--- Records for this task Enclosed Below ---

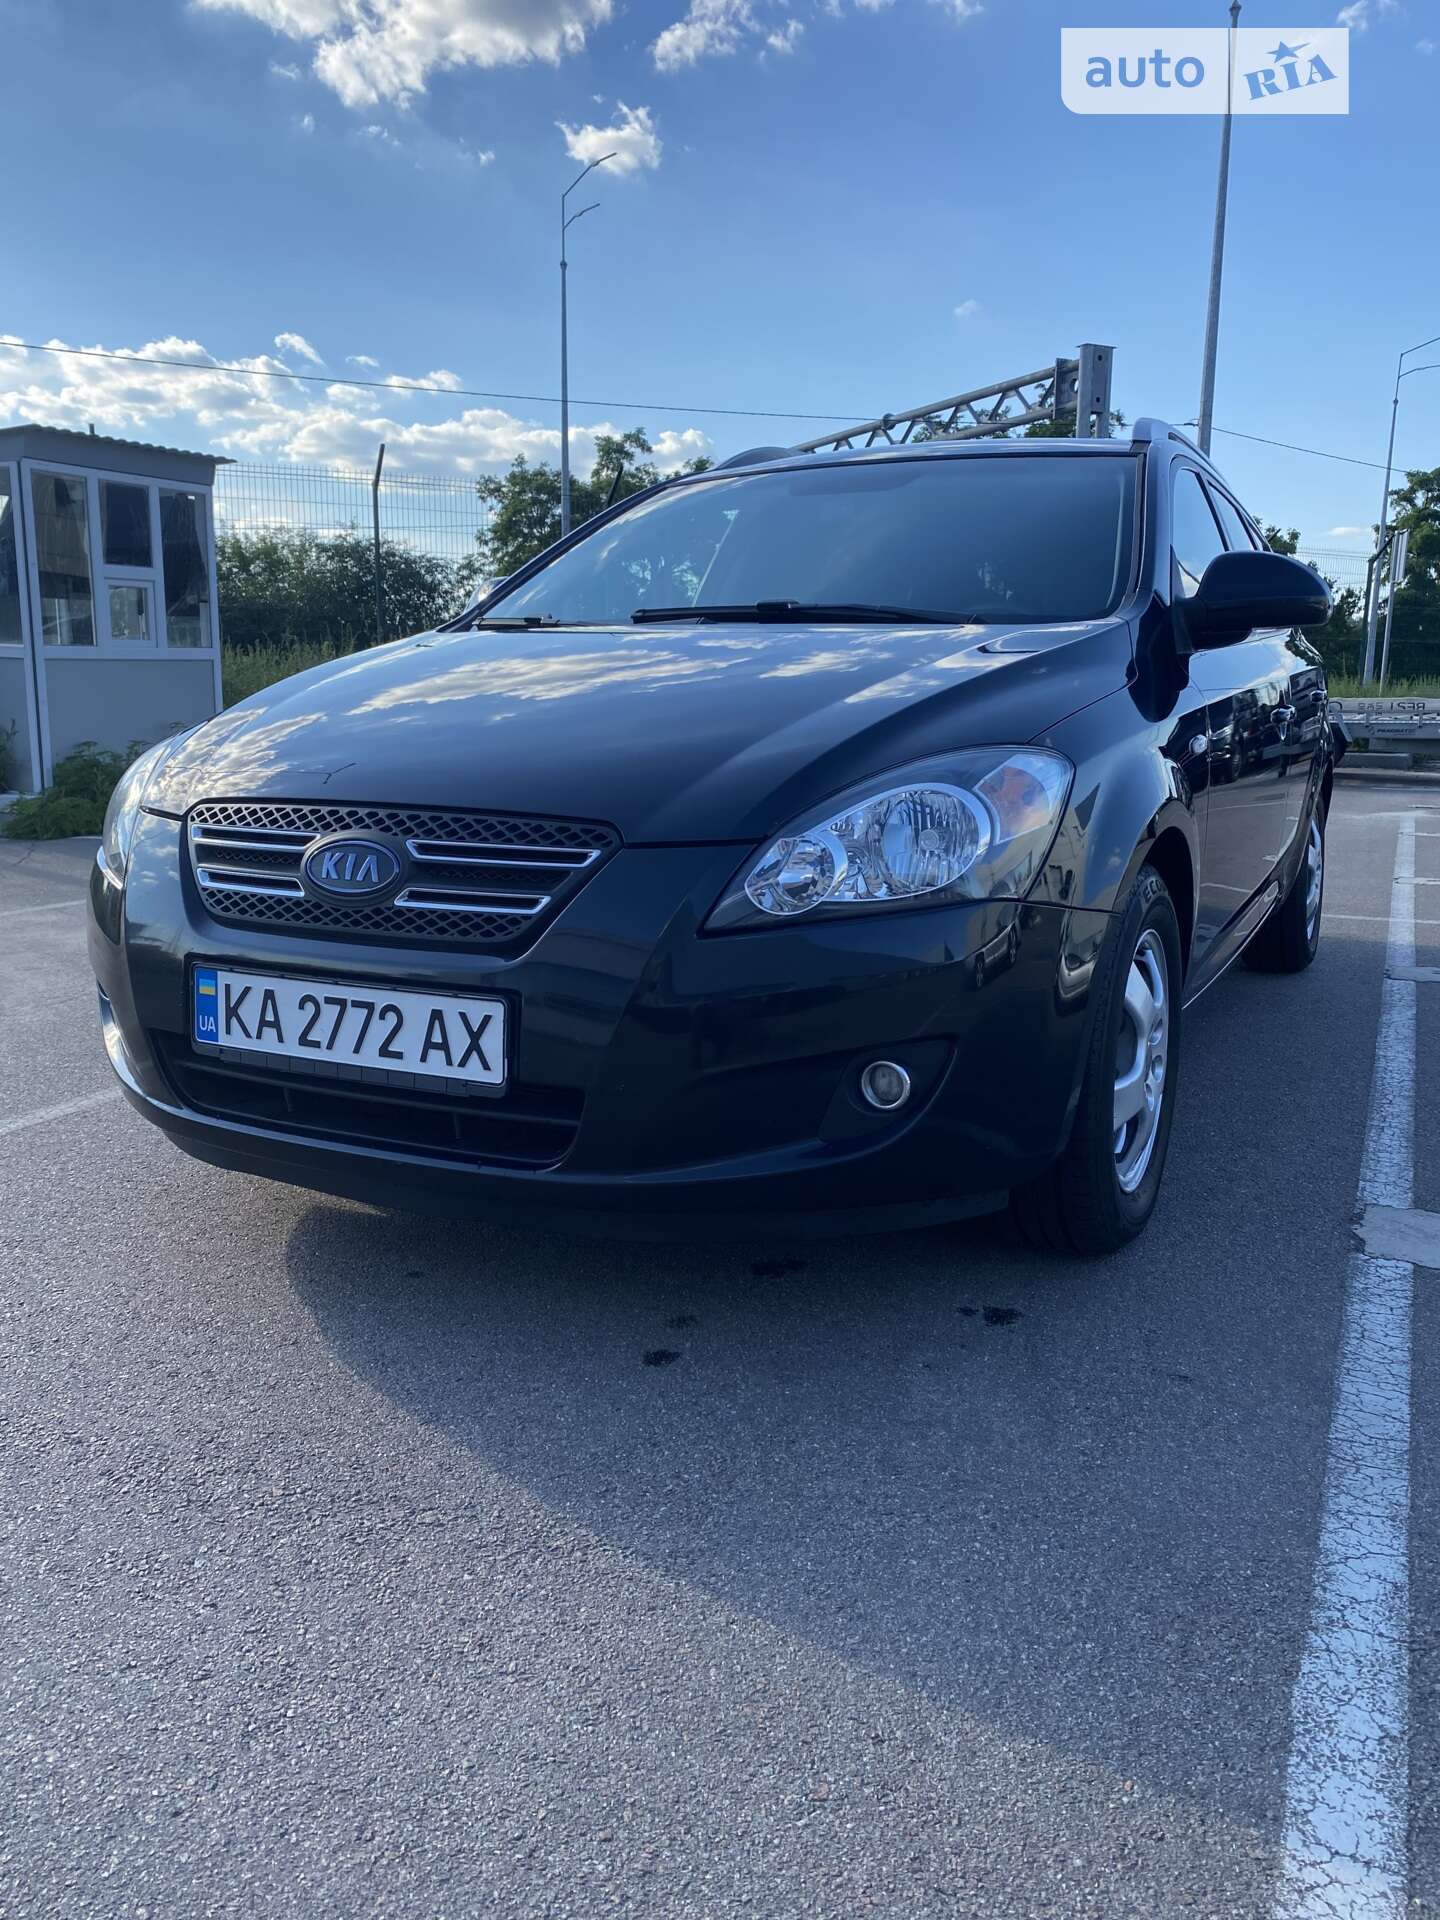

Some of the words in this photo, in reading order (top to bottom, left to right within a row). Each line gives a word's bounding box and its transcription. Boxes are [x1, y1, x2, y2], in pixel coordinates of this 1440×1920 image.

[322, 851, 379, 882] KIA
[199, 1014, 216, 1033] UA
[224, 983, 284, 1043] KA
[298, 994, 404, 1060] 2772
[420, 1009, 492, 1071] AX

--- End of Enclosed Records for this task ---

» Task to carry out: Output each record above exactly; omit the images.

» Output of the task:
Some of the words in this photo, in reading order (top to bottom, left to right within a row). Each line gives a word's bounding box and its transcription. Boxes are [x1, y1, x2, y2], in pixel coordinates of this 1440×1920 image.

[322, 851, 379, 882] KIA
[199, 1014, 216, 1033] UA
[224, 983, 284, 1043] KA
[298, 994, 404, 1060] 2772
[420, 1009, 492, 1071] AX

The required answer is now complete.